When she cut across towards the restaurant, Steve relaxed. She wasn’t trying to run out. He picked up his paper, kept at it even when she came into the place. He heard her speak, “Just coffee, Pepe.” He didn’t hear what else she said, she might have been asking Pepe to throw the bum out. Steve kept reading the paper. Until she came to the table, carrying her coffee cup. Until she sat down with him.

He didn’t get out of his chair. It wasn’t the custom on Main Street. He said, “You’re off early tonight.”

“I’ll make it up tomorrow night.” She gulped at the coffee just as if it were good, set the cup down and began fishing in her handbag. “Not that it matters to you.”

“Have one of mine?” Steve handed over his cigarette pack.

“So you are paying for information now?”

He didn’t answer, he lit her cigarette.
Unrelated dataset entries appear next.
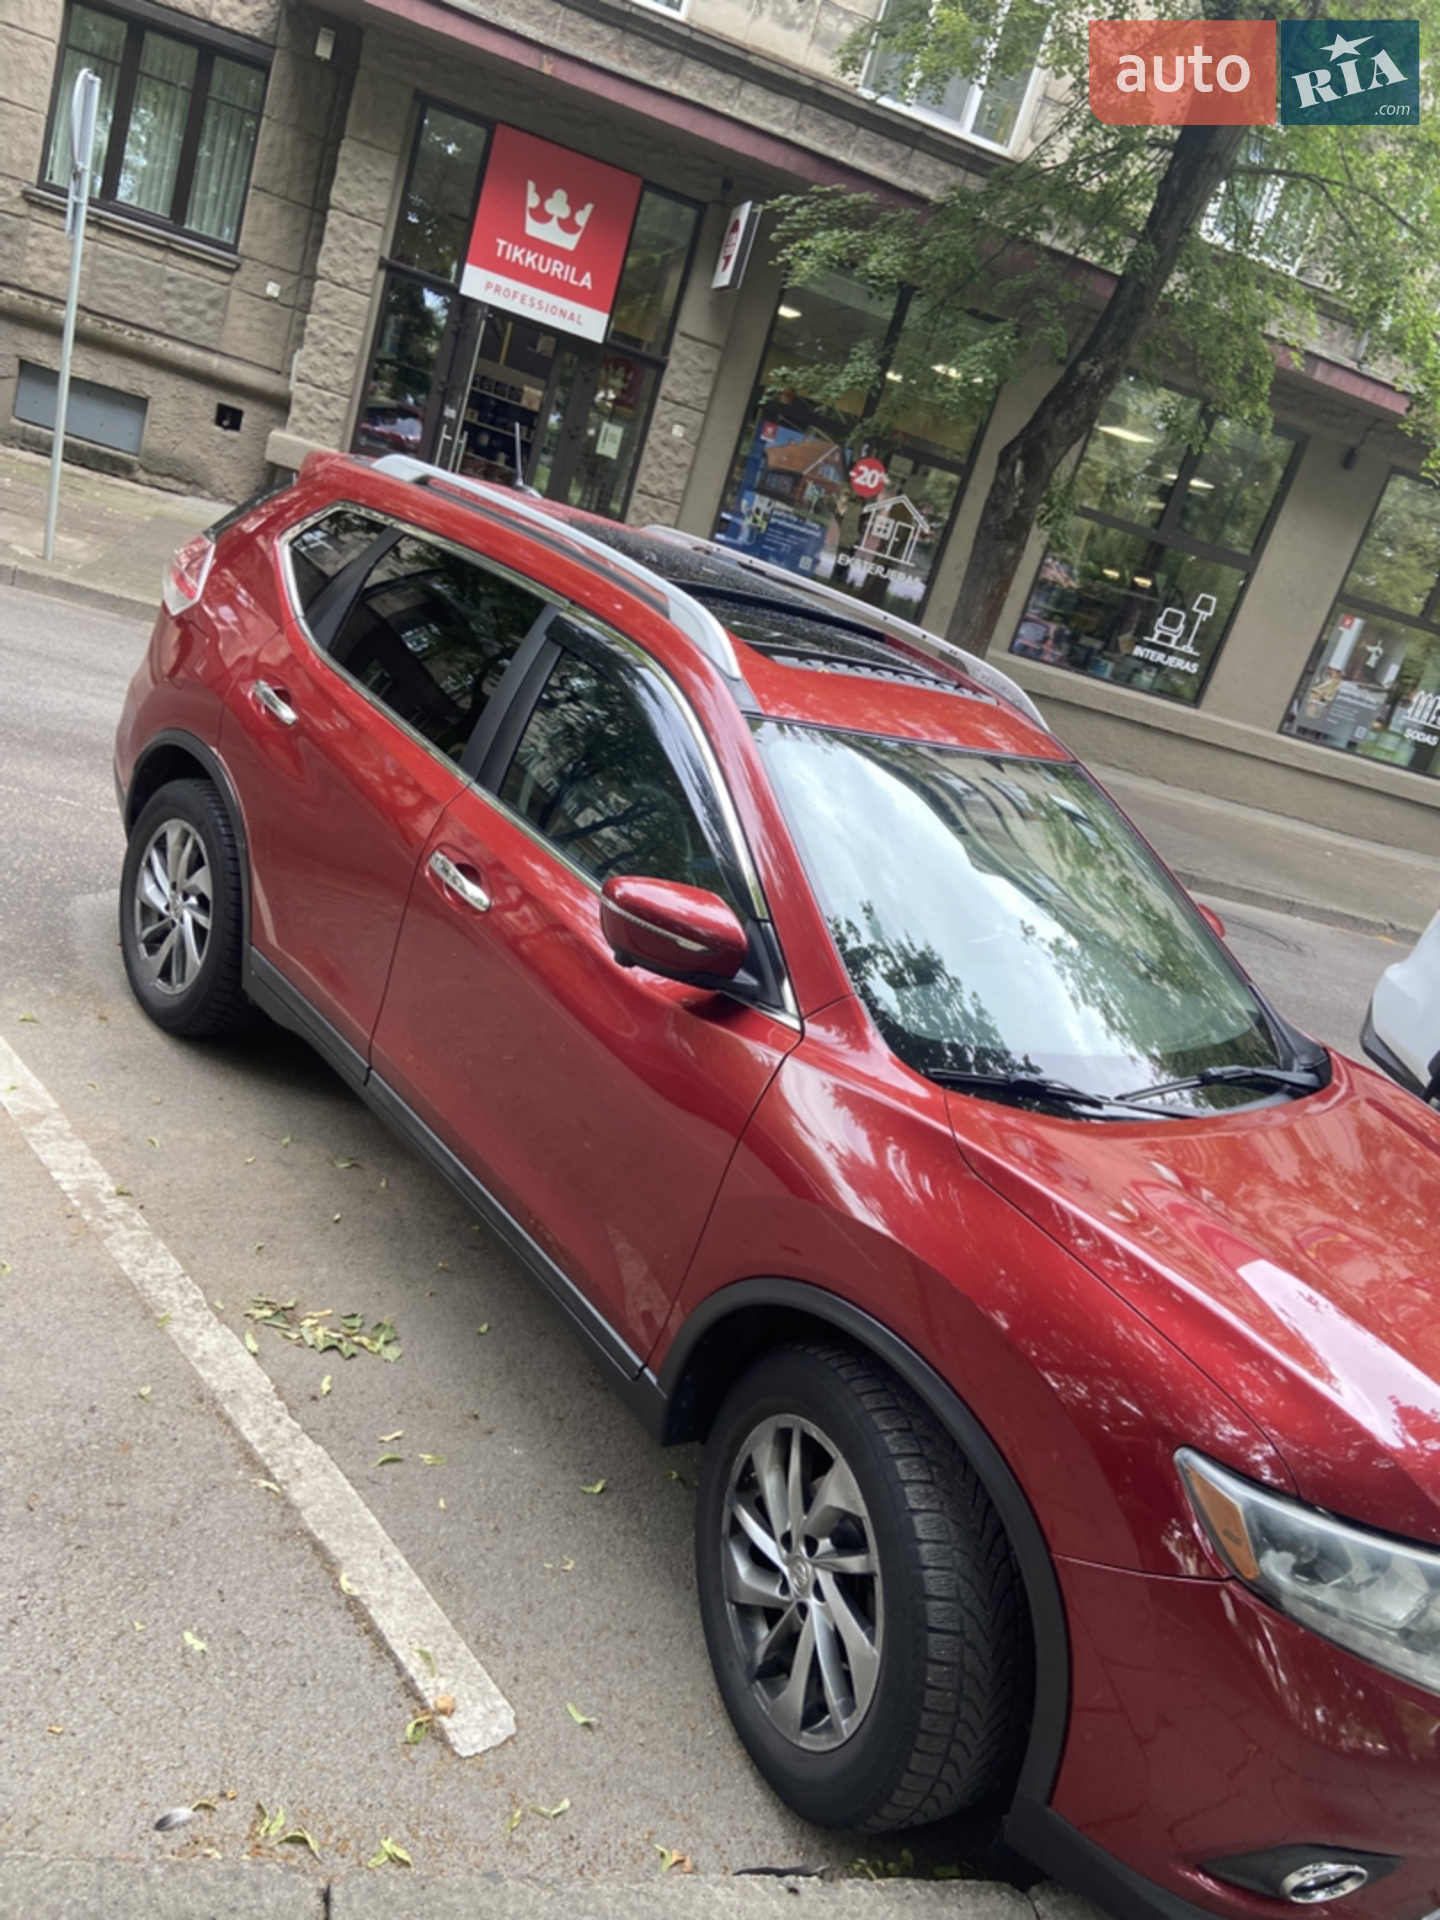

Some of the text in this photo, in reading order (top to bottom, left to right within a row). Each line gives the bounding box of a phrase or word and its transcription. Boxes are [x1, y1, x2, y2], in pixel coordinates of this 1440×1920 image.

[495, 238, 592, 290] TIKKURILA
[484, 281, 584, 326] PROFESSIONAL
[837, 553, 922, 586] EKSTERJERAS
[1132, 645, 1199, 675] INTERJERAS
[1404, 728, 1439, 746] SODAS
She loosed her red coat, it was bargain basement but it was red, and she wore it with a flair. Her dress was a cheap shiny satin, too shiny. On her it had more style than Feather Talle would have dressed by Adrian.

“What story did you give that bum?”

“He is no bum. He is the assistant manager. I explained to him that you were my cousin and that you became ugly when you drank too much. I would have to get you home or there would be trouble.”

“And he believed it.”

“He could observe you had been drinking.” She swallowed more of her coffee. “As could I.”

“Not that much.” He pushed his crullers to her, she’d eat anything. “Did you tell Davidian that I was looking for him?”

“I do not know where Davidian is.”

He caught her wrist in pincer fingers. As if she were handling poisoned barbs, she removed them one by one. “You will not touch me.”

“Sorry.” He wasn’t. He was in a churn of anger. “But you can stop lying. I’m not the only one who knows better.”

“I do not lie.”

He tried again. “You know how to get in touch with him.”

“No.” He was ready to slam her when she added through an airy swirl of smoke, “He knows how to get in touch with me.”

He hopped on it too eagerly. “You’ve seen him.”

“No.”

“Janni!” She must realize that time couldn’t wait on her tricks. “When will you see him?”

“When he so chooses.”

Had they been alone, he might have rattled the truth out of her scornful mouth. They weren’t alone. They were in a restaurant where she was Pepe’s friend and Steve was her drunken cousin. Because she was pleased at infuriating him, he tried patience. “If you had to get to him in a hurry—”

“There is no way.”

She lied. She was too clever to let Davidian escape her. She was as experienced as he, more experienced, in the sly twists of the underground. What Steve didn’t get was why Davidian had delivered himself into her hands in the first place. The first contact could have been accidental, but why continue it? Davidian knew her record. It wasn’t much different from his own; two guttersnipes out for what they could get. They’d never trusted each other, their only link had been Steve. And then all at once he did know. Davidian needed an address. Someone to pass on his pay to him.

He said, “The F.B.I. is after him.”

She was unmoved. “For what reason? He does not work.”

“One of their men came to see you today.”

Pellets of rage flecked her words. “You set that goat on me!”

“Don’t be a fool,” he advised sharply. “The last thing I wanted was for them to know about you. Haig Armour sent him.”